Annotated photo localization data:
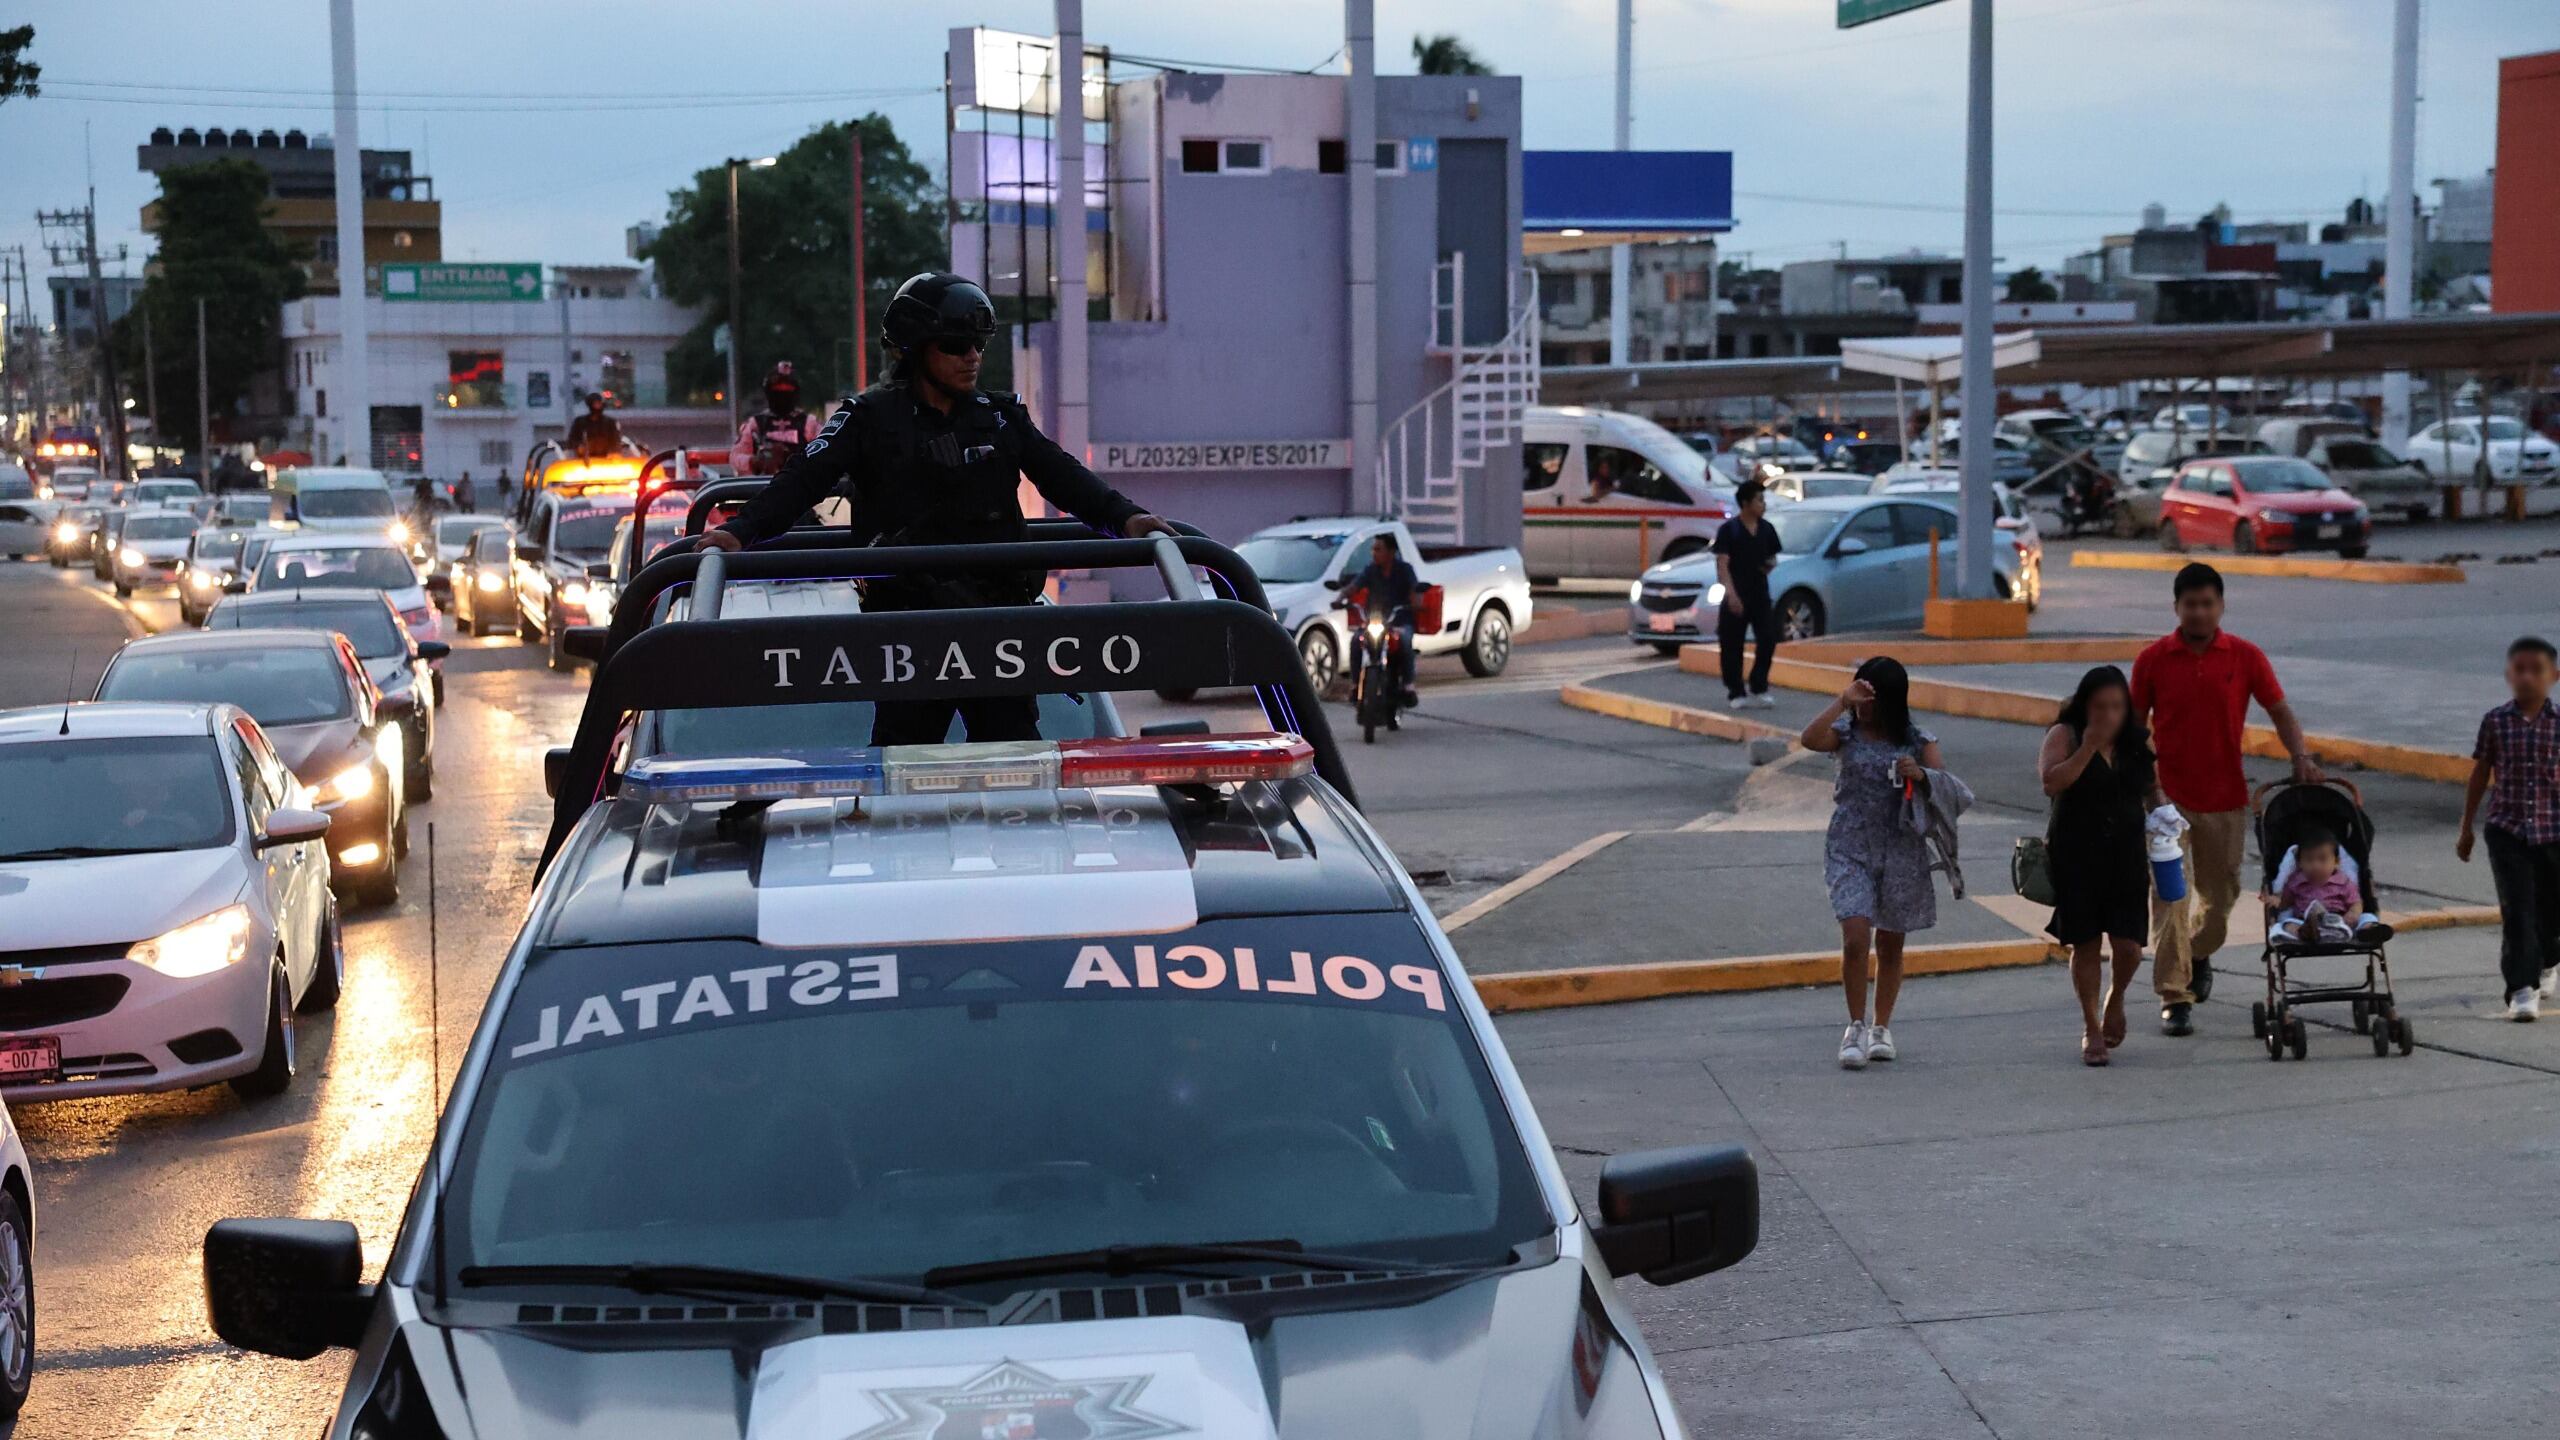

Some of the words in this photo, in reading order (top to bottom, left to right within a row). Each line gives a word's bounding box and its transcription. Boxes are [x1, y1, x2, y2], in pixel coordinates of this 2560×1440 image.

[420, 268, 509, 282] ENTRADA
[1107, 444, 1331, 468] PL/20329/EXP/ES/2017
[763, 636, 1141, 688] TABASCO
[0, 1049, 57, 1070] -007-B
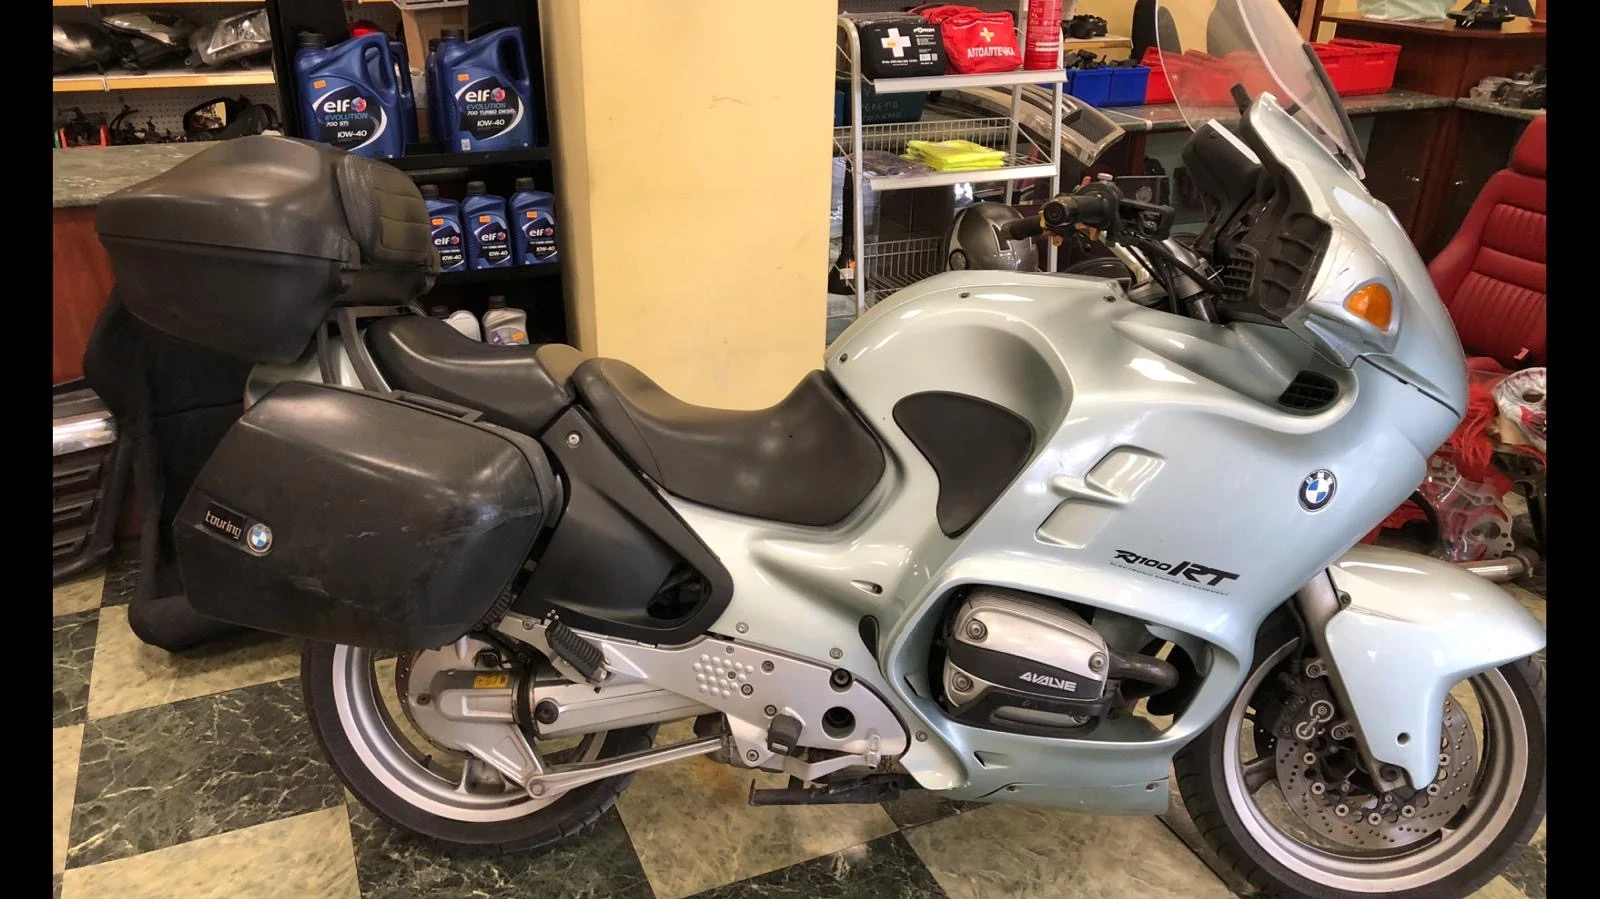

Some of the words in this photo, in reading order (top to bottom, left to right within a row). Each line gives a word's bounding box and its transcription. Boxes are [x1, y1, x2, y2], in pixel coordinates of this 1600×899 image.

[967, 45, 1016, 58] АВТОАПТЕЧКА
[465, 89, 490, 102] elf
[323, 99, 350, 113] elf
[466, 103, 506, 111] EVOLUTION
[325, 113, 368, 121] EVOLUTION
[337, 130, 368, 138] 10W-40
[529, 228, 544, 236] elf
[434, 236, 450, 246] elf
[481, 233, 497, 241] elf
[205, 510, 242, 540] touring

• Your assignment
Word-for-word repeat, images excluded: return all the data.

• Response to the exercise
Some of the words in this photo, in reading order (top to bottom, left to right within a row). Each line gives a word's bounding box and its transcription. Boxes are [x1, y1, x2, y2], in pixel coordinates of this 2560×1440 image.

[420, 268, 509, 282] ENTRADA
[1107, 444, 1331, 468] PL/20329/EXP/ES/2017
[763, 636, 1141, 688] TABASCO
[0, 1049, 57, 1070] -007-B

Some of the words in this photo, in reading order (top to bottom, left to right within a row). Each line gives a word's bounding box and its transcription. Boxes are [x1, y1, x2, y2], in pixel coordinates of this 1600×899 image.

[967, 45, 1016, 58] АВТОАПТЕЧКА
[465, 89, 490, 102] elf
[323, 99, 350, 113] elf
[466, 103, 506, 111] EVOLUTION
[325, 113, 368, 121] EVOLUTION
[337, 130, 368, 138] 10W-40
[529, 228, 544, 236] elf
[434, 236, 450, 246] elf
[481, 233, 497, 241] elf
[205, 510, 242, 540] touring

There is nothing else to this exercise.